At times May would get deadly serious for even more mirthful results. “Julian tells great jokes, tell one joke, Julian.” Schlossberg comedically enacted a conflict between a bickering husband and wife; the punchline, “The car is in the lake” incited gales of laughter. Elia Kazan, Eli Wallach and George C. Scott were a few performing arts titans recalled through Schlossberg’s vivid storytelling. May even turned the audience questions segment into funny gambit. “Is there anyone here I don’t know?” “Who is that?” she asked Schlossberg of someone she supposedly knew who asked a question. At the end of this nearly 30-minute laugh-filled extravaganza we felt as though we had witnessed a set by that monumental comedy team, Schlossberg and May.
“I feel like I just had my Bar Mitzvah” wistfully stated the 82-year-old Schlossberg as he launched into a pivotal tale of his youth. Being Jewish and having been born and raised in the Bronx, are key facets of his humorous, warm and down to earth persona. He lived near the Kingsbridge Armory, “It’s still the largest armory in the world!” In the 1950’s it was used for various enterprises, including a traveling rodeo. A local storeowner offered the 10-year-old Schlossberg two free tickets to its opening day, explaining that the rodeo gave complimentary tickets to all the neighborhood shops for distribution to customers. Schlossberg then went around to all the nearby stores asking for two free tickets.

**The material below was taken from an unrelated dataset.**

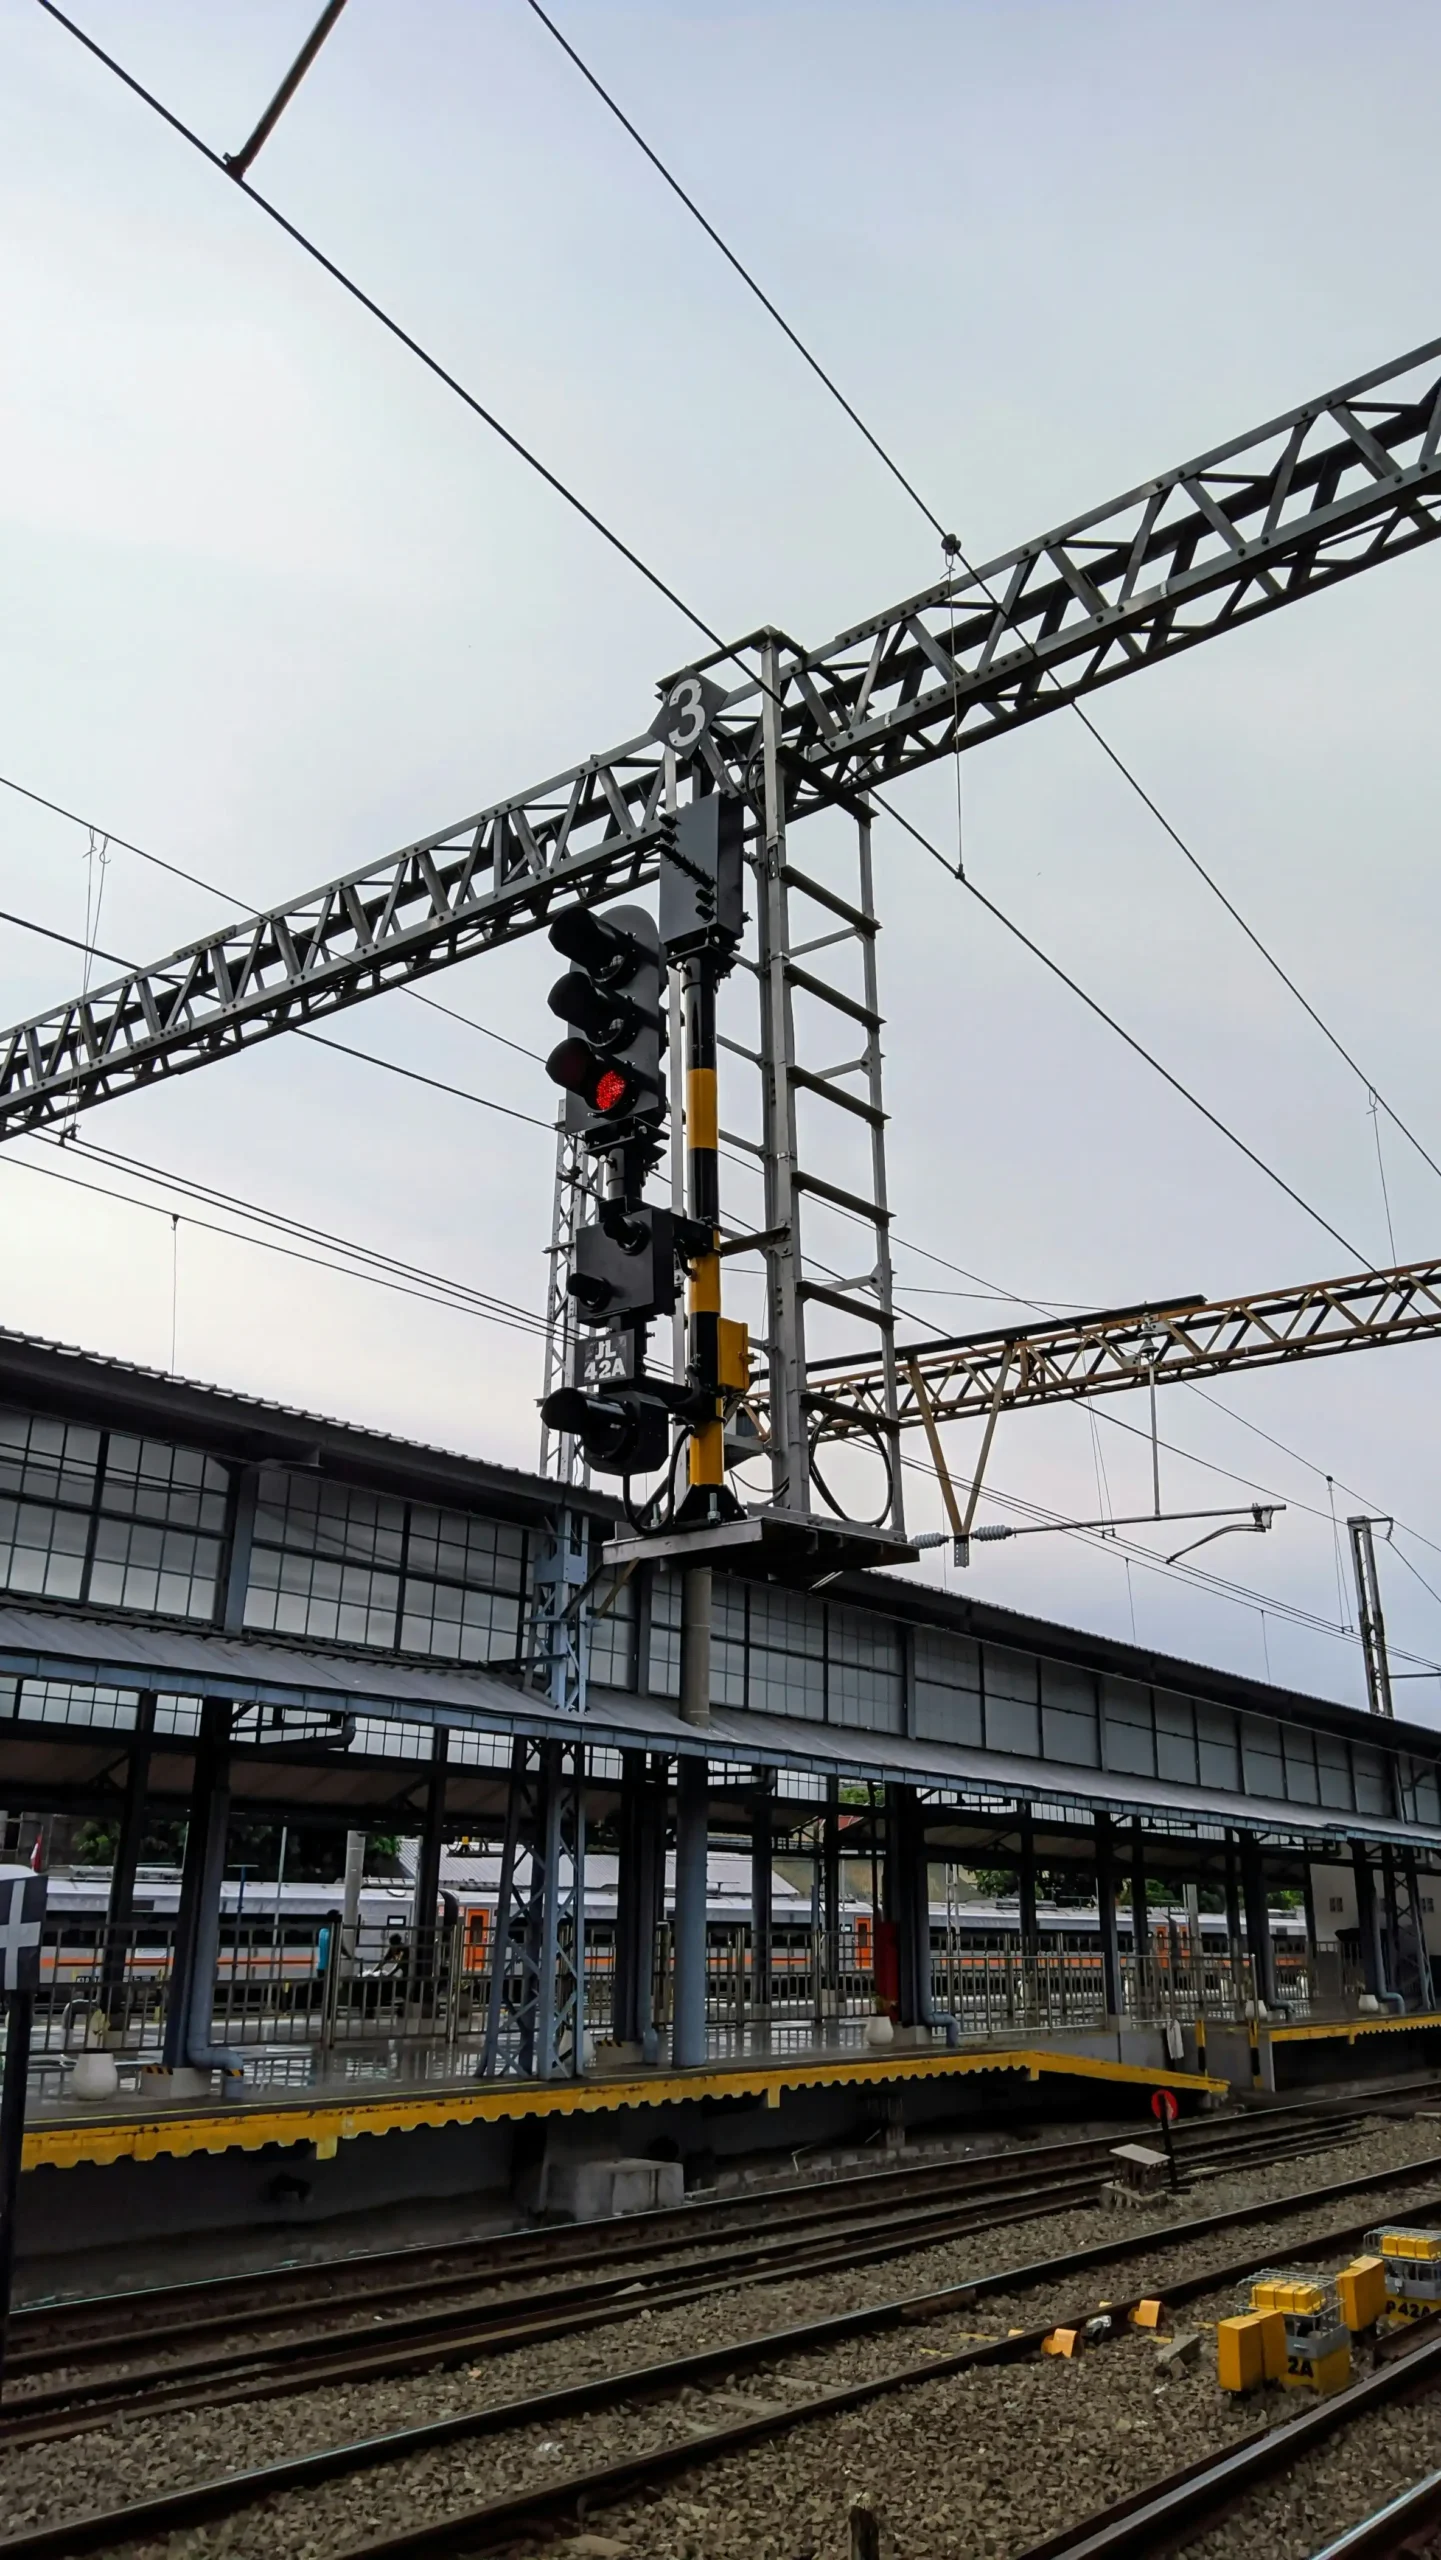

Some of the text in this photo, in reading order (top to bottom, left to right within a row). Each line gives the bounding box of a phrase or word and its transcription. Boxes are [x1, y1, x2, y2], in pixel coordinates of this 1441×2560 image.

[668, 678, 706, 747] 3
[595, 1339, 617, 1360] JL
[584, 1358, 626, 1380] 42A

“I stood in front of the armory and sold those tickets, they cost three dollars, I sold them for two dollars; I did very well! I came home and like Scrooge McDuck, threw all those dollar bills onto my bed and dove in on top of them…” Thus, began a life-long entrepreneurial life in show business, ranging from producing feature films, television documentaries, and shows on and Off-Broadway. In 1974 he began hosting the long-running radio talk show Movie Talk; interviewing numerous screen celebrities of that era including Bette Davis, John Huston and Jack Nicholson. He rebooted Movie Talk earlier this year as a podcast, with new celebrity interviews.